Transcribe every line below exactly; no image goes into the output.
──────── Data extract
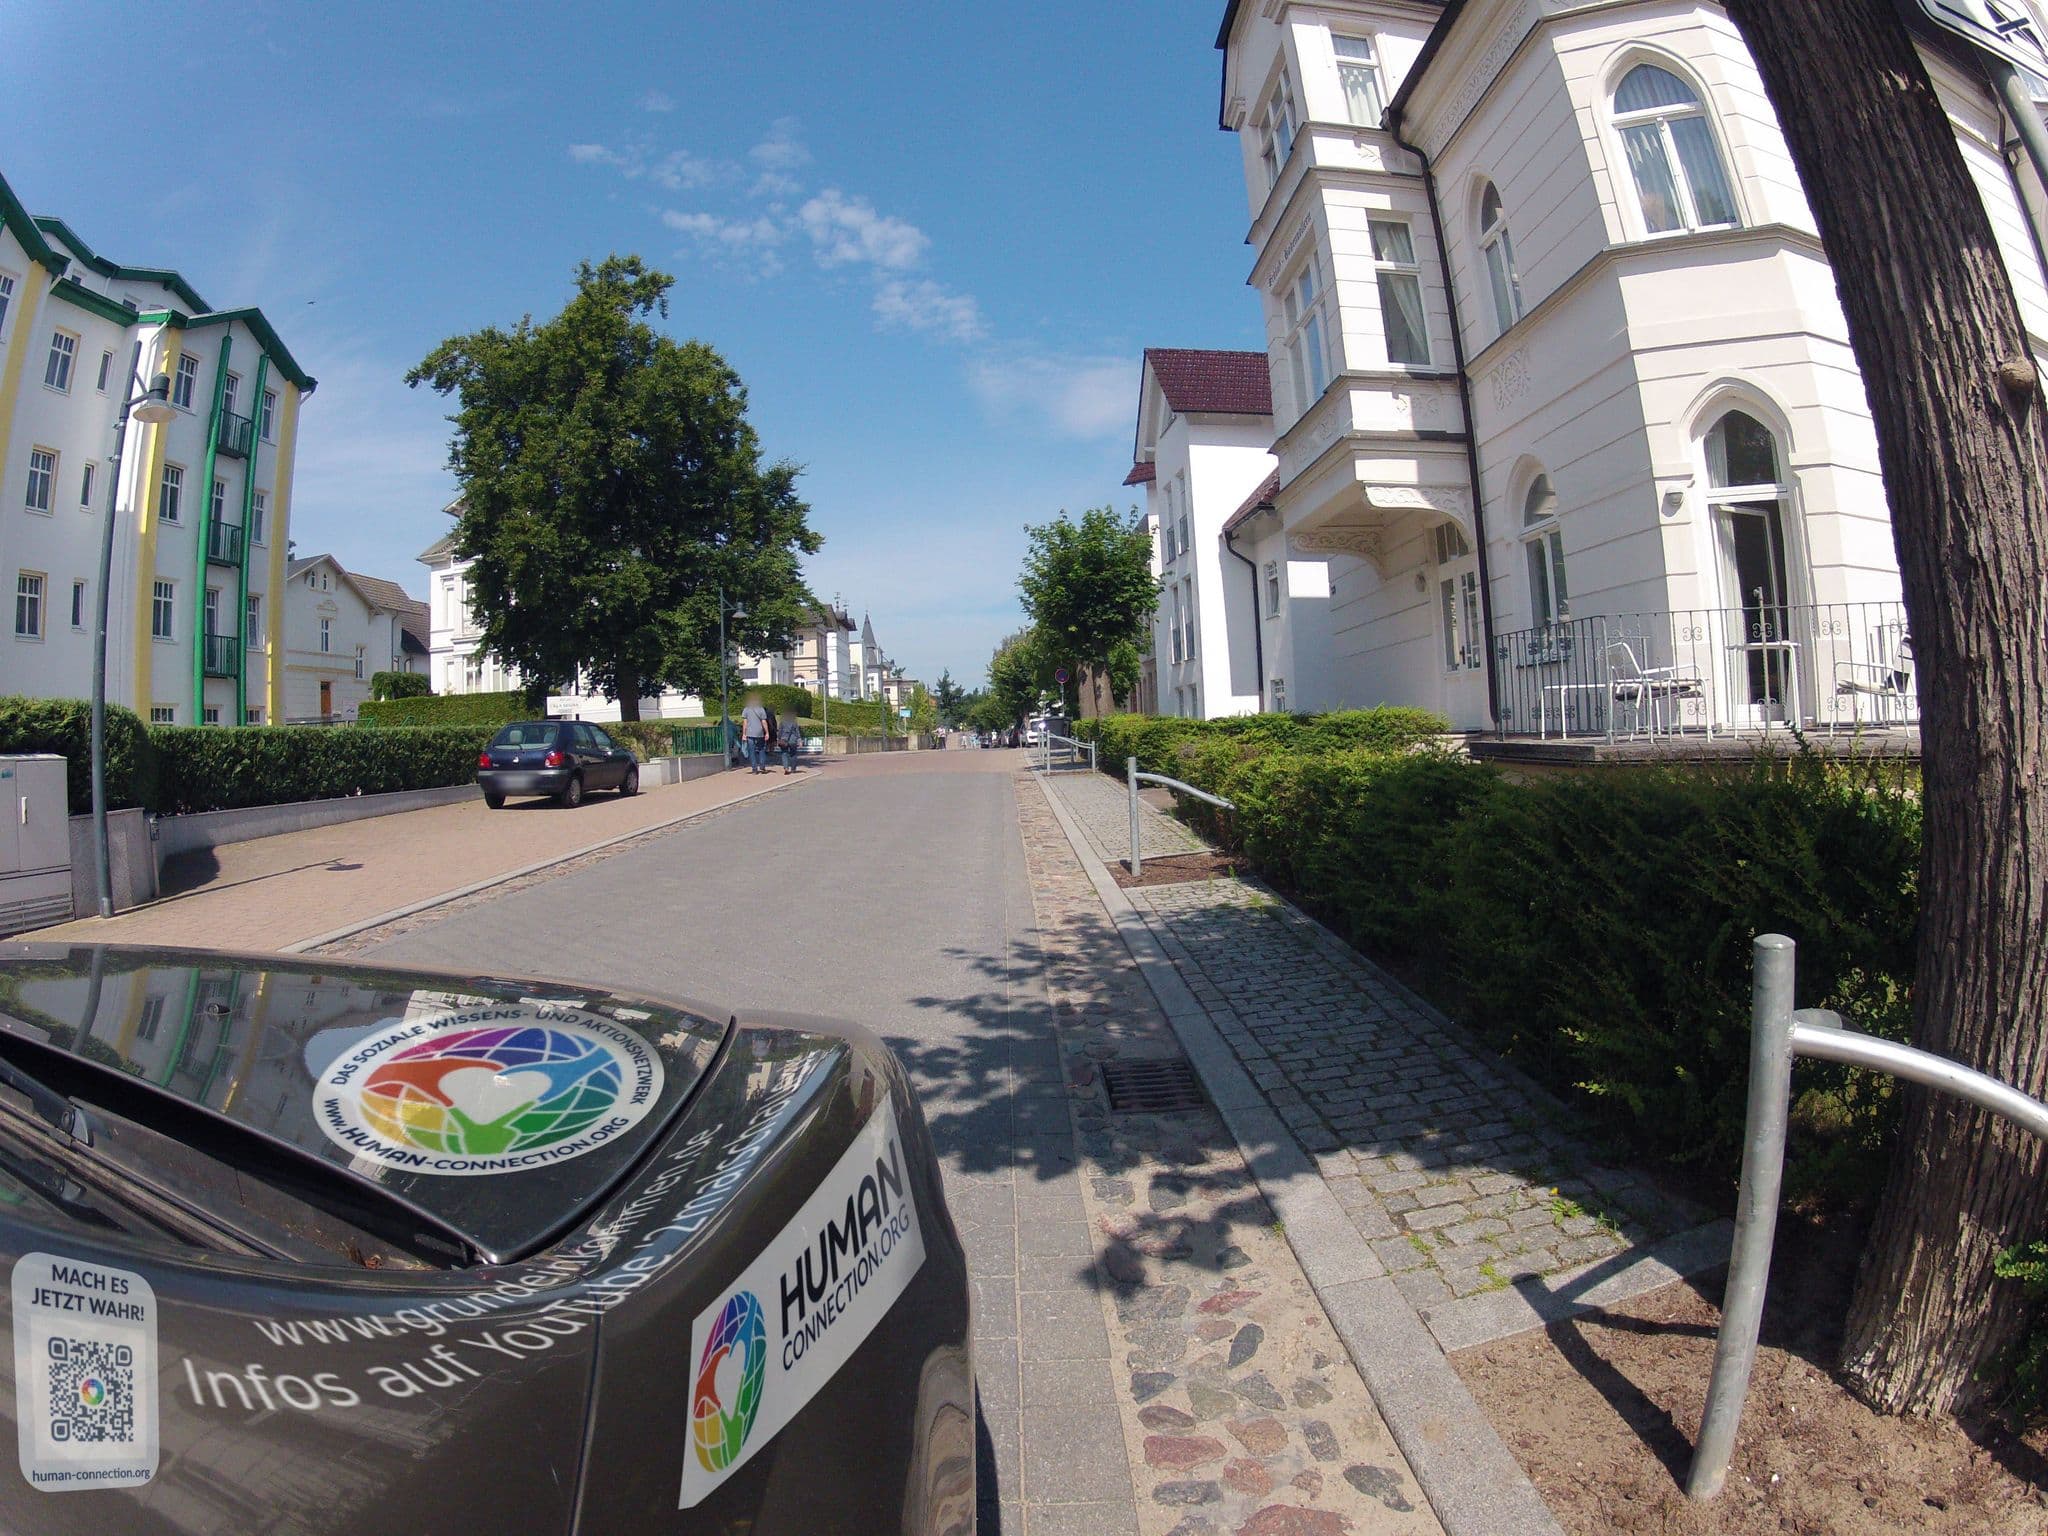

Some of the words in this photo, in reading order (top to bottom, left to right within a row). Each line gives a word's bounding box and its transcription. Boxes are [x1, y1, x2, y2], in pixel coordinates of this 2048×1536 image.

[330, 1064, 359, 1086] DAS
[353, 1025, 425, 1063] SOZIALE
[427, 1009, 529, 1030] WISSENS-
[536, 1012, 580, 1025] UND
[578, 1018, 653, 1105] AKTIONSNETZWERK
[51, 1264, 106, 1291] MACH
[111, 1277, 129, 1295] ES
[779, 1137, 905, 1339] HUMAN
[31, 1287, 85, 1312] JETZT
[89, 1297, 145, 1321] WAHR!
[183, 1357, 361, 1413] Infos
[366, 1344, 480, 1400] auf
[459, 1254, 672, 1361] YouTube
[782, 1204, 911, 1372] CONNECTION.ORG
[32, 1467, 151, 1482] human-connection.org
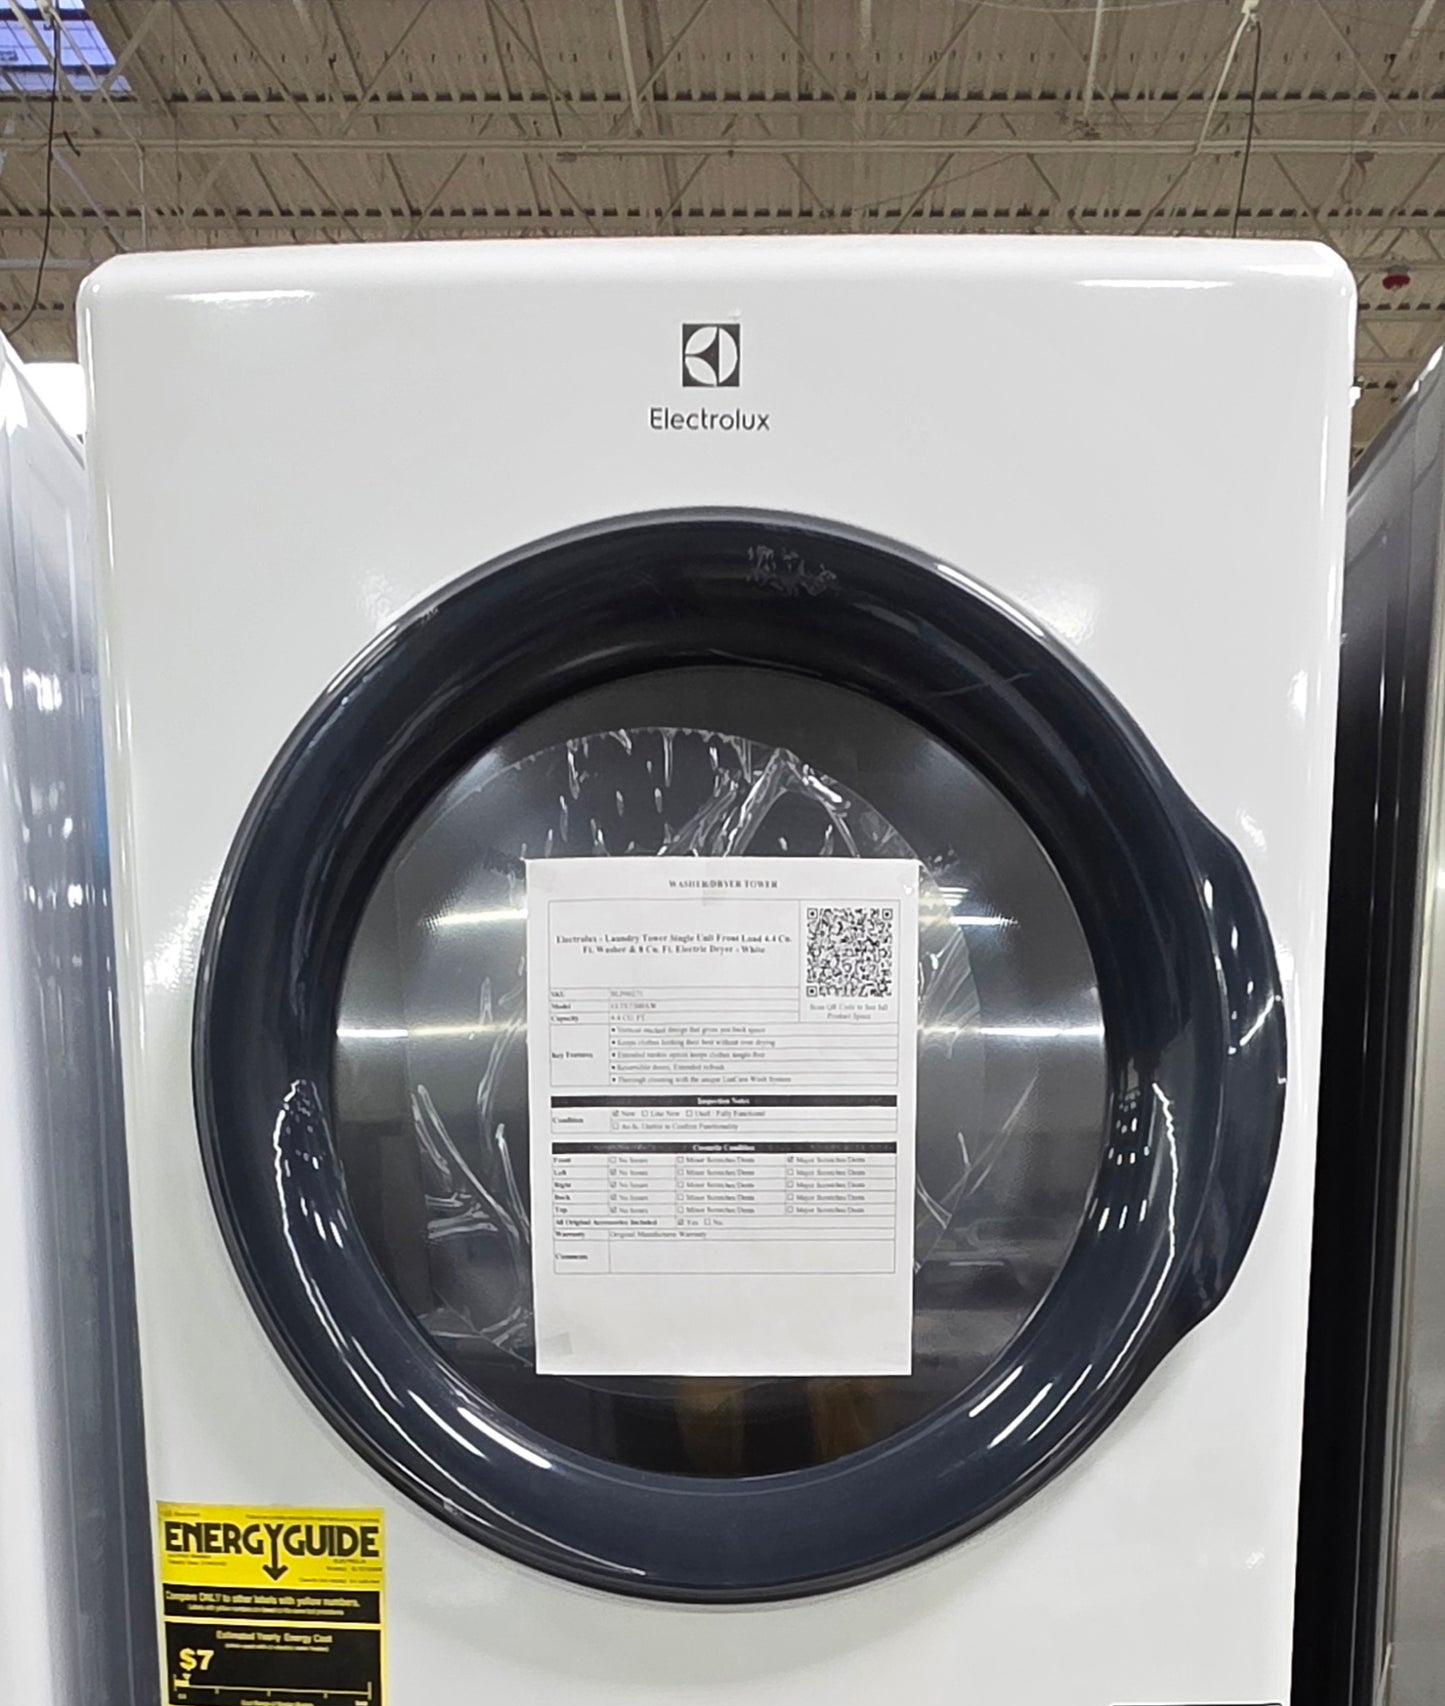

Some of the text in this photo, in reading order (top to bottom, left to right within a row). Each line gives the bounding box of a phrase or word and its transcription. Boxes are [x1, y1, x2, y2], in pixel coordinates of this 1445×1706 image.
────────────────
▶ Reply to the exercise
Some of the words in this photo, in reading order (top to bottom, left to right within a row). Each line gives a word's bounding box and its transcription. Boxes are [x1, y1, x2, y2], in pixel coordinates of this 2048×1536 image.

[330, 1064, 359, 1086] DAS
[353, 1025, 425, 1063] SOZIALE
[427, 1009, 529, 1030] WISSENS-
[536, 1012, 580, 1025] UND
[578, 1018, 653, 1105] AKTIONSNETZWERK
[51, 1264, 106, 1291] MACH
[111, 1277, 129, 1295] ES
[779, 1137, 905, 1339] HUMAN
[31, 1287, 85, 1312] JETZT
[89, 1297, 145, 1321] WAHR!
[183, 1357, 361, 1413] Infos
[366, 1344, 480, 1400] auf
[459, 1254, 672, 1361] YouTube
[782, 1204, 911, 1372] CONNECTION.ORG
[32, 1467, 151, 1482] human-connection.org

Some of the text in this photo, in reading order (top to bottom, left to right within a row). Each line gives the bounding box of a phrase or word and its transcription. Boxes are [x1, y1, x2, y2], in pixel coordinates of this 1445×1706 image.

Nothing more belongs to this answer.